Page 9
Story: The Mountain Man’s Girl
9
Tarryn
M y stomach sinks with the rejection. If I had any question as to whether this man was a murderer or a rapist, he just proved that he’s neither. He’s hard as a rock, yet he refused my offer. Kelsey would be shaking her head at me if she knew I just offered my kidnapper sex, but I’ve never craved a man or sex so much in my life. Traeger has been kind and helpful, and beyond respectful. Any male would’ve taken advantage, snuck a peek in the bathroom when I was trying to do my business, but he didn’t. He was a true gentleman, which only makes me want him more. But for some reason, he doesn’t want me.
He said he’d give his left nut to sink inside my tight body, but he doesn’t think it’s best for me. How does he know what’s best for me?
“I’m a grown woman. I should be able to decide what’s best.” The comment goes flying out into the darkness, and I instantly regret the desperation that’s clear in my voice.
“I’m nineteen years older than you, doll. You don’t need to be getting mixed up with someone my age.” But the guys my age aren’t half as sexy or half as mature. And no one has ever made me feel safe.
“Age is just a number. I know a girl who’s dating one of our professors and he’s forty-six.”
“Yeah, well, he should be ashamed of himself for taking advantage of such a young girl.”
But she’s the one who pursued him. He tried to refuse her, but she wouldn’t let up. And now, they’re engaged to be married.
“But they love each other,” I defend, wondering why I’m still talking. I sound pathetic. I’m practically trying to convince him to sleep with me.

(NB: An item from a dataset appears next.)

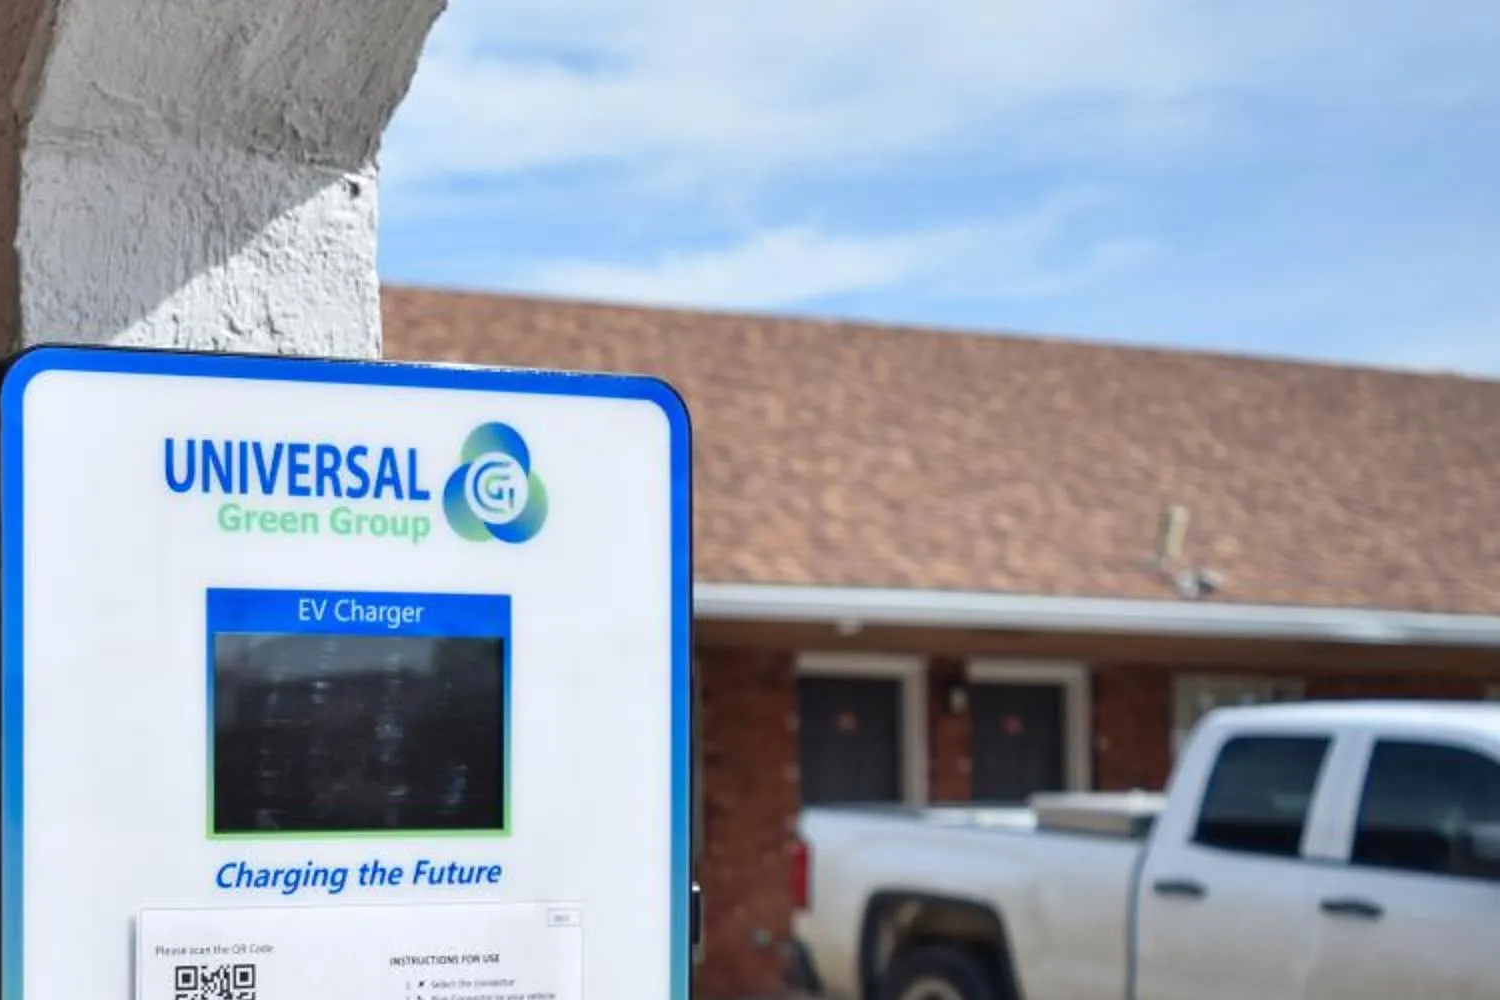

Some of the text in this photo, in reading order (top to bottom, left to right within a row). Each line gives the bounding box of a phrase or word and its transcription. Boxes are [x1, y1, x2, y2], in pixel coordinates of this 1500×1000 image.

“I can promise you, I’m not lovable. I’m a grumpy bastard set in my ways. I like my routine and my quiet. And I can tell after talking to you, you have a bright future ahead of you. You don’t need to be caught up with a mountain man who spends his days checking bear traps and making jerky.”
“But what if all I want is sex? No strings. No commitment, just sex.”
“It’s never just sex, doll. Sex leads to feelings. And feelings lead to wanting something that can’t happen. In a few days, I’ll take you back, and you’ll forget I ever existed. It’s for the best.”
He’s wrong. I don’t think I’ll ever forget him. He looked out for me when the people who I thought cared about me left me stranded in the woods, wounded and alone.